▶ [What the task requires] Write each entry out again, exactly as it is written.

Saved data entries
--- START ---

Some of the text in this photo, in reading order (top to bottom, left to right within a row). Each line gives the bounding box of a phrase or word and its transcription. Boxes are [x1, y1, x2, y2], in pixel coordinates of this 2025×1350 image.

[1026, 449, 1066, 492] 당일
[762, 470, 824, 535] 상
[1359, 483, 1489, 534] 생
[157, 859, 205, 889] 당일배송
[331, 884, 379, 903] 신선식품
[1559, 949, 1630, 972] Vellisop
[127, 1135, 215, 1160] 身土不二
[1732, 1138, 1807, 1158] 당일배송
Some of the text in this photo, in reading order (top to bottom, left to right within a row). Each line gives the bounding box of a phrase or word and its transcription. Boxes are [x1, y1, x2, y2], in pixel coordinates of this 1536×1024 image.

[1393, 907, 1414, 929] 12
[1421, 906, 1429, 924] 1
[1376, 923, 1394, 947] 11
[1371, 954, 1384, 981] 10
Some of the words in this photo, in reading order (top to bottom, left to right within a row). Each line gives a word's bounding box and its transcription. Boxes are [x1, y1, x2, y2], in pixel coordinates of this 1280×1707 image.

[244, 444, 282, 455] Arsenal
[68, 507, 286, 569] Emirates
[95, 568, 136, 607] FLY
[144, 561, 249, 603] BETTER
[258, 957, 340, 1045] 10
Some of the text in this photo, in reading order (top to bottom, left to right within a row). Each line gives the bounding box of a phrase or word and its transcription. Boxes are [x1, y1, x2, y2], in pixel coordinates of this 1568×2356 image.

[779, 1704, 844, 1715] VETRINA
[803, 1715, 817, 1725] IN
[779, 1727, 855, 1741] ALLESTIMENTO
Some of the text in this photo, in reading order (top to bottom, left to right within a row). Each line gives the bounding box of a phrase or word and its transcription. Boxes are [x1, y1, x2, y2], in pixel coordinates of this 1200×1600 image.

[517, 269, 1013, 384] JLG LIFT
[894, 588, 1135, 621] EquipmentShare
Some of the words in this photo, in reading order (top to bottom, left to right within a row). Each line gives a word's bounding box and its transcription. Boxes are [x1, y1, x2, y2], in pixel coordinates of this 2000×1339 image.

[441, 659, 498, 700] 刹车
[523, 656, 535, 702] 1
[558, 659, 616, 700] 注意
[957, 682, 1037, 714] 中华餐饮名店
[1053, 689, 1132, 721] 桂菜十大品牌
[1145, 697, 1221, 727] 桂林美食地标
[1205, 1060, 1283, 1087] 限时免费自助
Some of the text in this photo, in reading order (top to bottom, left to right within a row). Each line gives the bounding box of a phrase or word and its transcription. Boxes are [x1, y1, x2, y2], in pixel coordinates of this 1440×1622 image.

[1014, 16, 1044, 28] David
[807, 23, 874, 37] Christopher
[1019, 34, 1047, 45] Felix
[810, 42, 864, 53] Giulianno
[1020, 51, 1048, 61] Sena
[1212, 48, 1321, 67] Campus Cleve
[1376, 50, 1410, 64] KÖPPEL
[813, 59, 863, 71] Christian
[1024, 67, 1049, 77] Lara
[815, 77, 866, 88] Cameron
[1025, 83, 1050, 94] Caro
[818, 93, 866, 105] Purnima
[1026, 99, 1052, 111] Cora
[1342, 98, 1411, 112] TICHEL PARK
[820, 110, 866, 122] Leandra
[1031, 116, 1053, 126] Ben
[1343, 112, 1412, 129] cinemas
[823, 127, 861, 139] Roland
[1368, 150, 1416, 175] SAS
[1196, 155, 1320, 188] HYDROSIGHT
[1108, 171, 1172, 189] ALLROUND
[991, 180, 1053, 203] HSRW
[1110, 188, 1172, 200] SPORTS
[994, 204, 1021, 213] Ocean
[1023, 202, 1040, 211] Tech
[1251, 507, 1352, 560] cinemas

--- END ---

▶ [Task output]
Some of the text in this photo, in reading order (top to bottom, left to right within a row). Each line gives the bounding box of a phrase or word and its transcription. Boxes are [x1, y1, x2, y2], in pixel coordinates of this 2025×1350 image.

[1026, 449, 1066, 492] 당일
[762, 470, 824, 535] 상
[1359, 483, 1489, 534] 생
[157, 859, 205, 889] 당일배송
[331, 884, 379, 903] 신선식품
[1559, 949, 1630, 972] Vellisop
[127, 1135, 215, 1160] 身土不二
[1732, 1138, 1807, 1158] 당일배송
Some of the text in this photo, in reading order (top to bottom, left to right within a row). Each line gives the bounding box of a phrase or word and its transcription. Boxes are [x1, y1, x2, y2], in pixel coordinates of this 1536×1024 image.

[1393, 907, 1414, 929] 12
[1421, 906, 1429, 924] 1
[1376, 923, 1394, 947] 11
[1371, 954, 1384, 981] 10
Some of the words in this photo, in reading order (top to bottom, left to right within a row). Each line gives a word's bounding box and its transcription. Boxes are [x1, y1, x2, y2], in pixel coordinates of this 1280×1707 image.

[244, 444, 282, 455] Arsenal
[68, 507, 286, 569] Emirates
[95, 568, 136, 607] FLY
[144, 561, 249, 603] BETTER
[258, 957, 340, 1045] 10
Some of the text in this photo, in reading order (top to bottom, left to right within a row). Each line gives the bounding box of a phrase or word and its transcription. Boxes are [x1, y1, x2, y2], in pixel coordinates of this 1568×2356 image.

[779, 1704, 844, 1715] VETRINA
[803, 1715, 817, 1725] IN
[779, 1727, 855, 1741] ALLESTIMENTO
Some of the text in this photo, in reading order (top to bottom, left to right within a row). Each line gives the bounding box of a phrase or word and its transcription. Boxes are [x1, y1, x2, y2], in pixel coordinates of this 1200×1600 image.

[517, 269, 1013, 384] JLG LIFT
[894, 588, 1135, 621] EquipmentShare
Some of the words in this photo, in reading order (top to bottom, left to right within a row). Each line gives a word's bounding box and its transcription. Boxes are [x1, y1, x2, y2], in pixel coordinates of this 2000×1339 image.

[441, 659, 498, 700] 刹车
[523, 656, 535, 702] 1
[558, 659, 616, 700] 注意
[957, 682, 1037, 714] 中华餐饮名店
[1053, 689, 1132, 721] 桂菜十大品牌
[1145, 697, 1221, 727] 桂林美食地标
[1205, 1060, 1283, 1087] 限时免费自助
Some of the text in this photo, in reading order (top to bottom, left to right within a row). Each line gives the bounding box of a phrase or word and its transcription. Boxes are [x1, y1, x2, y2], in pixel coordinates of this 1440×1622 image.

[1014, 16, 1044, 28] David
[807, 23, 874, 37] Christopher
[1019, 34, 1047, 45] Felix
[810, 42, 864, 53] Giulianno
[1020, 51, 1048, 61] Sena
[1212, 48, 1321, 67] Campus Cleve
[1376, 50, 1410, 64] KÖPPEL
[813, 59, 863, 71] Christian
[1024, 67, 1049, 77] Lara
[815, 77, 866, 88] Cameron
[1025, 83, 1050, 94] Caro
[818, 93, 866, 105] Purnima
[1026, 99, 1052, 111] Cora
[1342, 98, 1411, 112] TICHEL PARK
[820, 110, 866, 122] Leandra
[1031, 116, 1053, 126] Ben
[1343, 112, 1412, 129] cinemas
[823, 127, 861, 139] Roland
[1368, 150, 1416, 175] SAS
[1196, 155, 1320, 188] HYDROSIGHT
[1108, 171, 1172, 189] ALLROUND
[991, 180, 1053, 203] HSRW
[1110, 188, 1172, 200] SPORTS
[994, 204, 1021, 213] Ocean
[1023, 202, 1040, 211] Tech
[1251, 507, 1352, 560] cinemas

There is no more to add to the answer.